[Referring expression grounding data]
▬▬▬▬▬▬▬▬▬▬

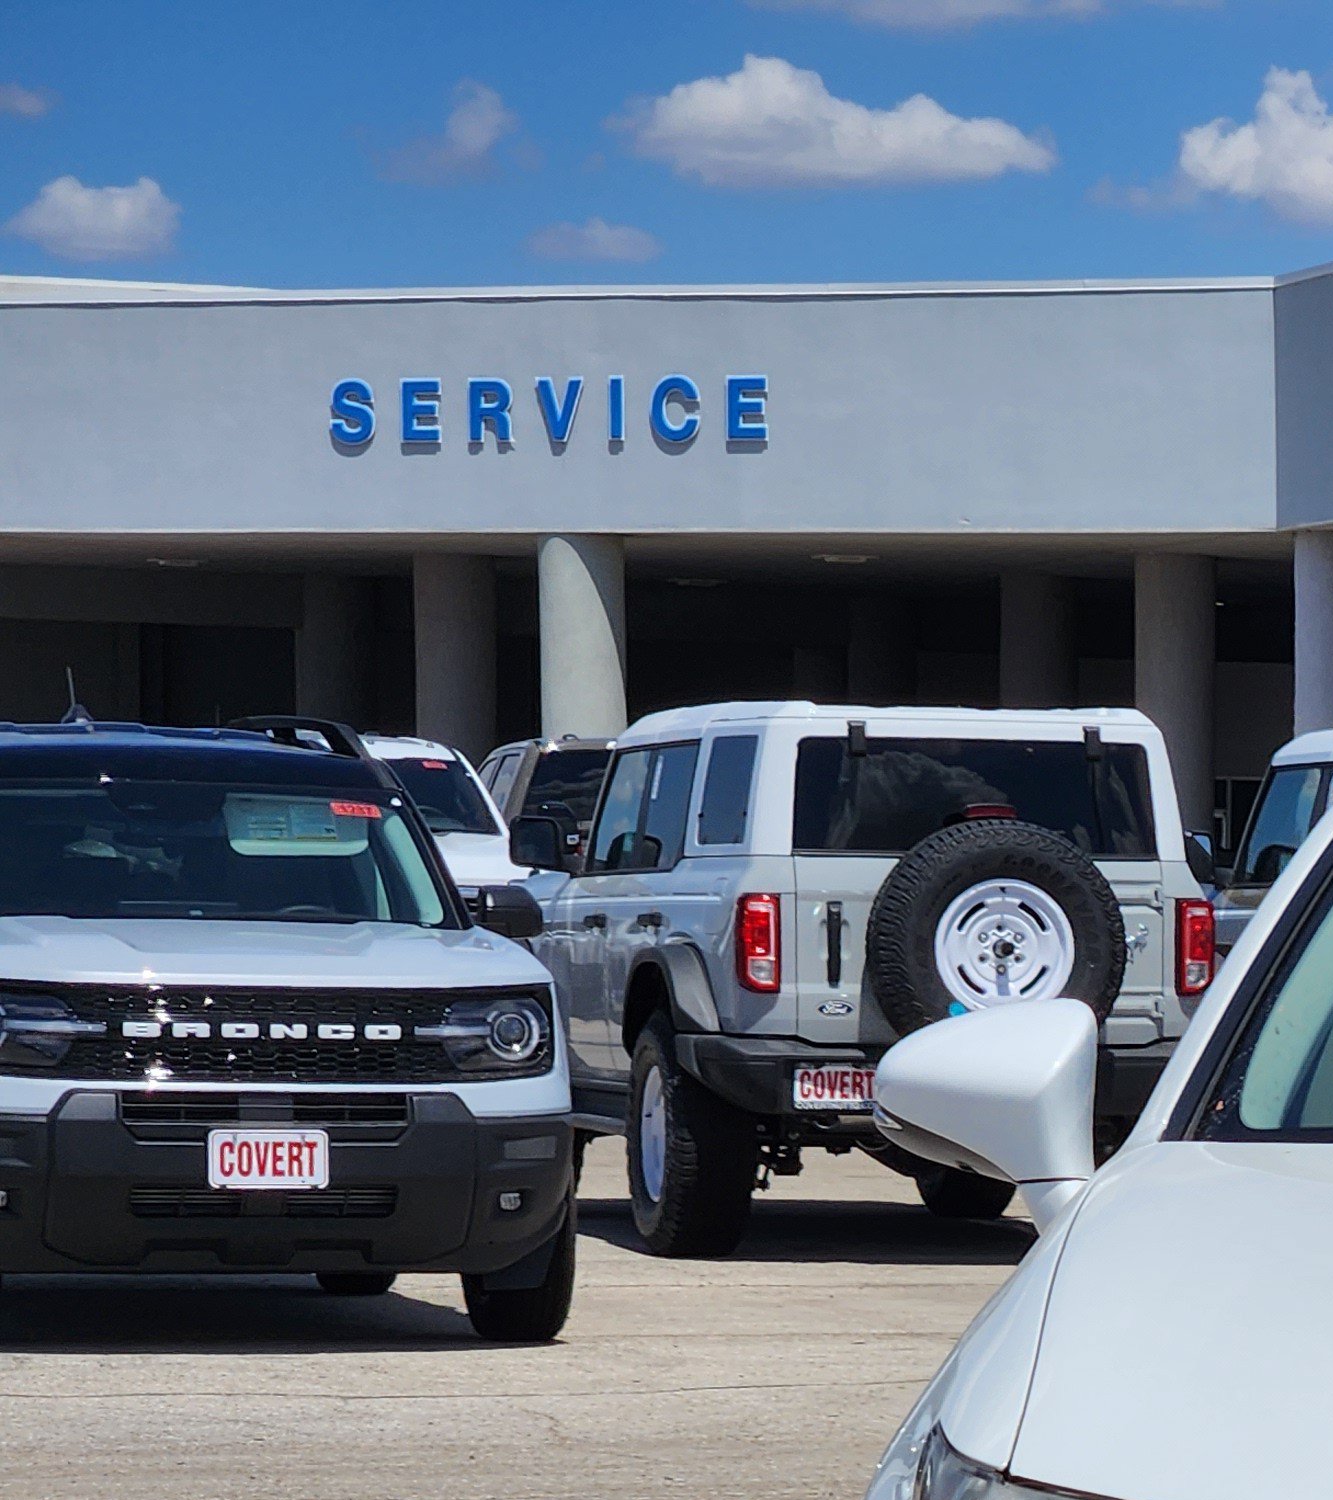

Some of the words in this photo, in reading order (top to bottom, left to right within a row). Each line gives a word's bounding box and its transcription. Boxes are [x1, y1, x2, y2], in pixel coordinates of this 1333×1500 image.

[330, 374, 768, 444] SERVICE
[122, 1021, 402, 1041] BRONCO
[799, 1070, 875, 1099] COVERT
[219, 1140, 318, 1178] COVERT
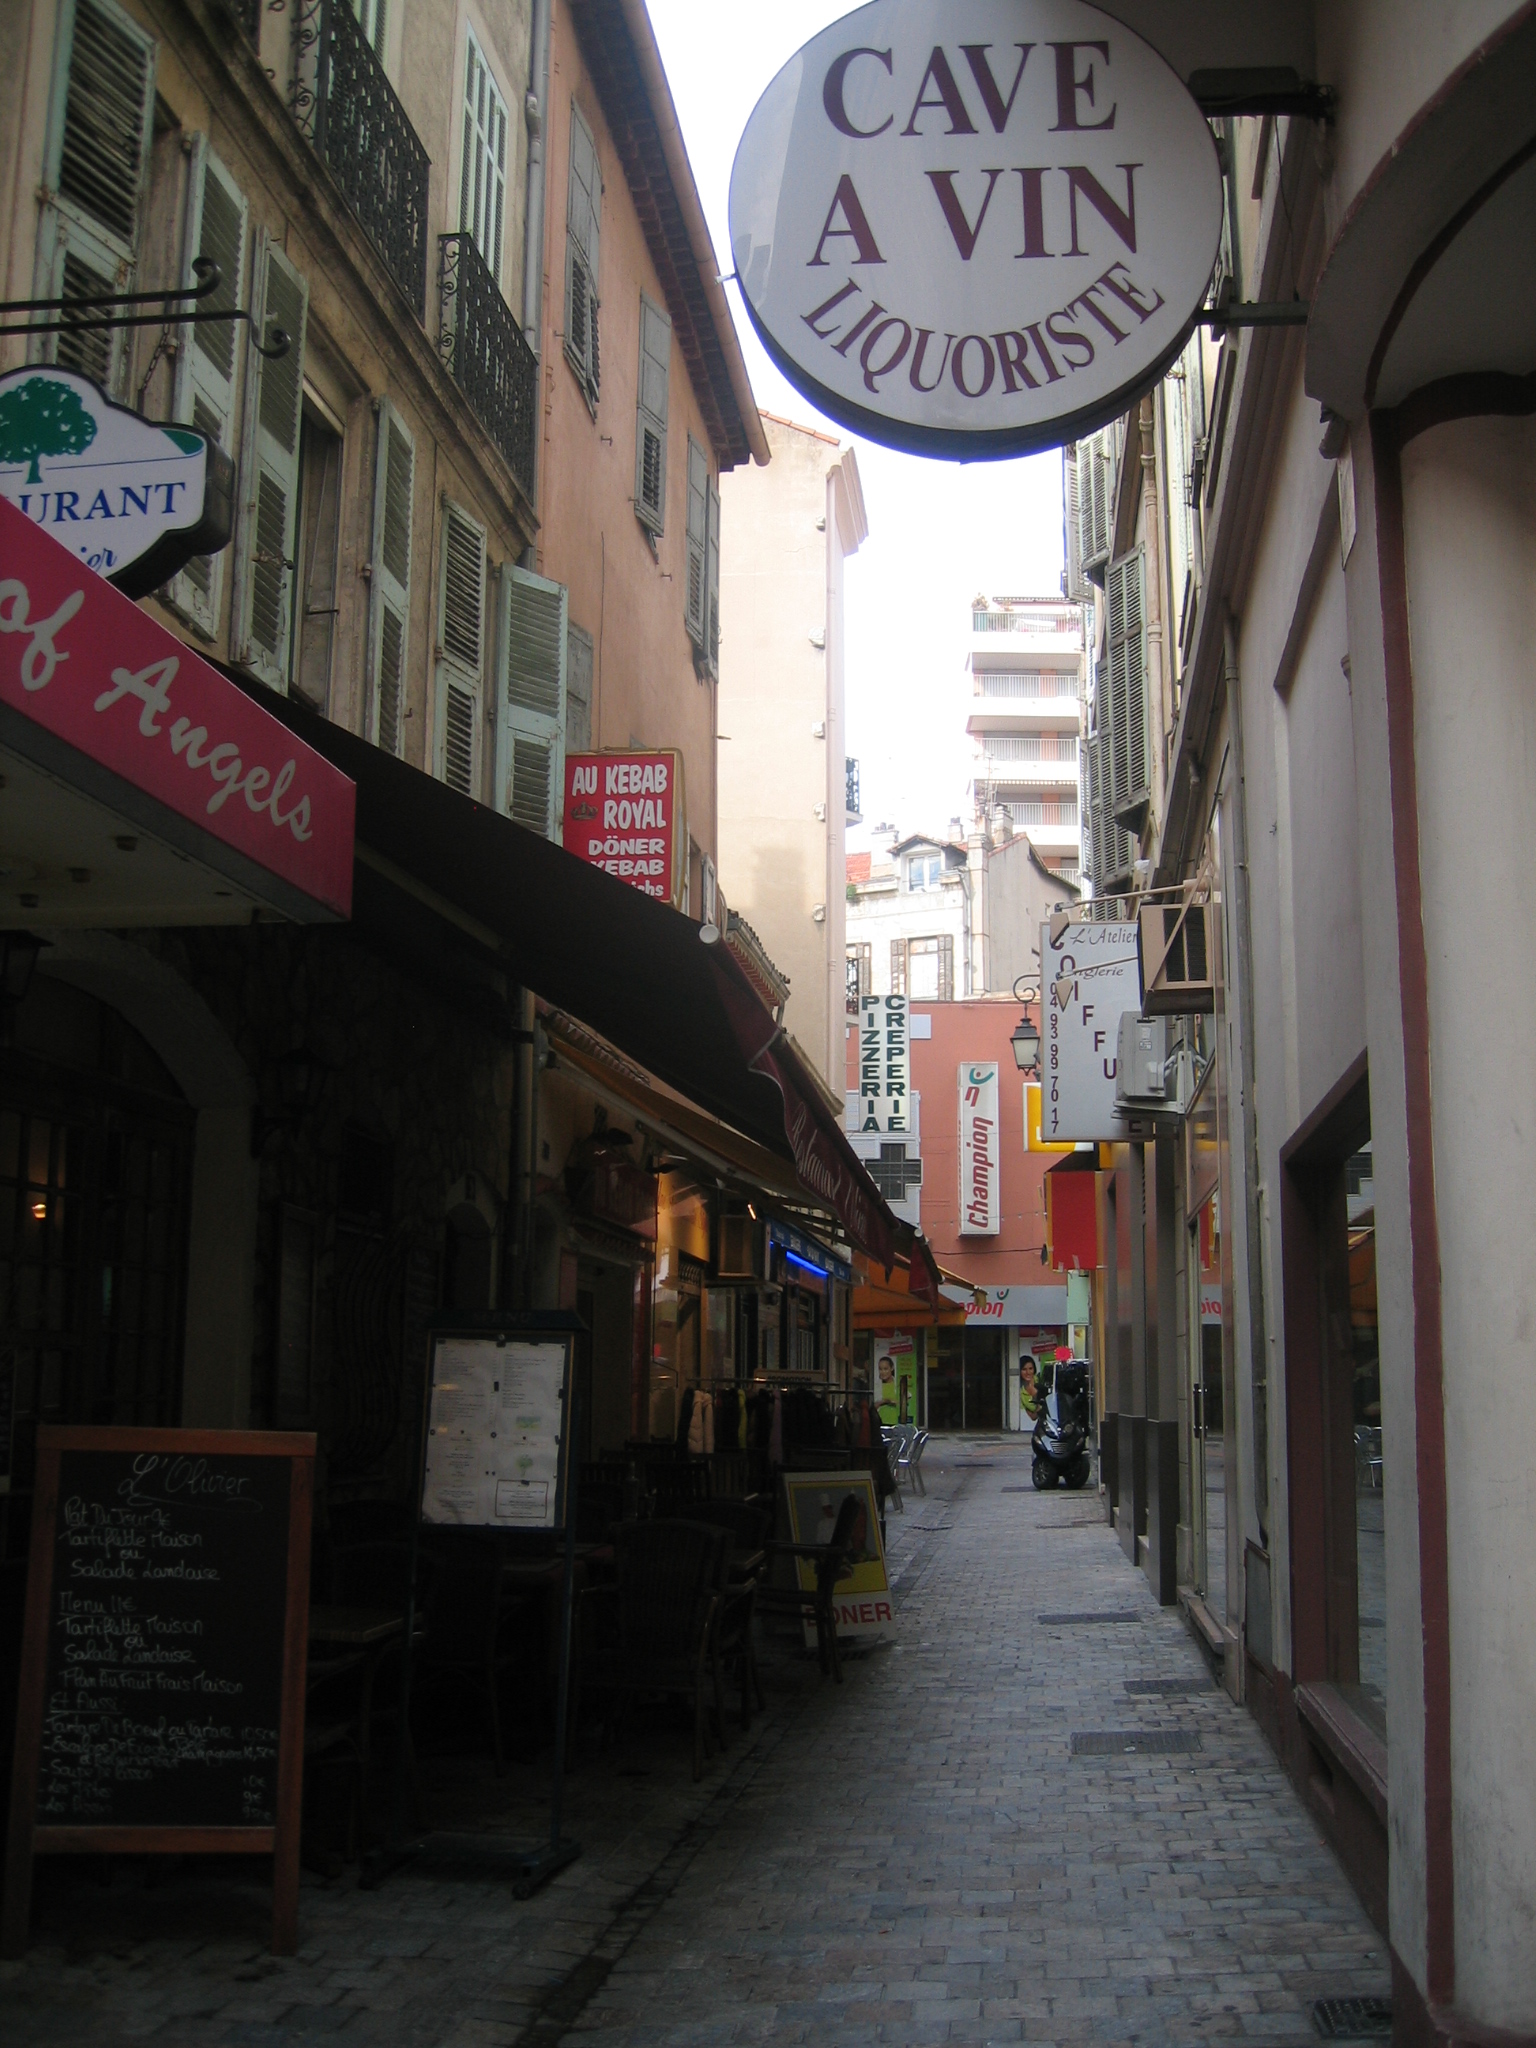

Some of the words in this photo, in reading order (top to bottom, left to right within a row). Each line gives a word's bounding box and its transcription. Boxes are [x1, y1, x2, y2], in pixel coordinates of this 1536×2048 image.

▬▬▬▬▬▬▬▬▬▬

**The problem:** Transcribe the data exactly and leave no picture in the copy.

**Answer space:**
Some of the words in this photo, in reading order (top to bottom, left to right within a row). Each line gives a word's bounding box and its transcription. Boxes are [x1, y1, x2, y2], in pixel coordinates of this 1333×1500 image.

[330, 374, 768, 444] SERVICE
[122, 1021, 402, 1041] BRONCO
[799, 1070, 875, 1099] COVERT
[219, 1140, 318, 1178] COVERT

Some of the words in this photo, in reading order (top to bottom, left to right within a row). Each line gives a word's bounding box and its transcription. Boxes are [x1, y1, x2, y2], in pixel coordinates of this 1536×2048 image.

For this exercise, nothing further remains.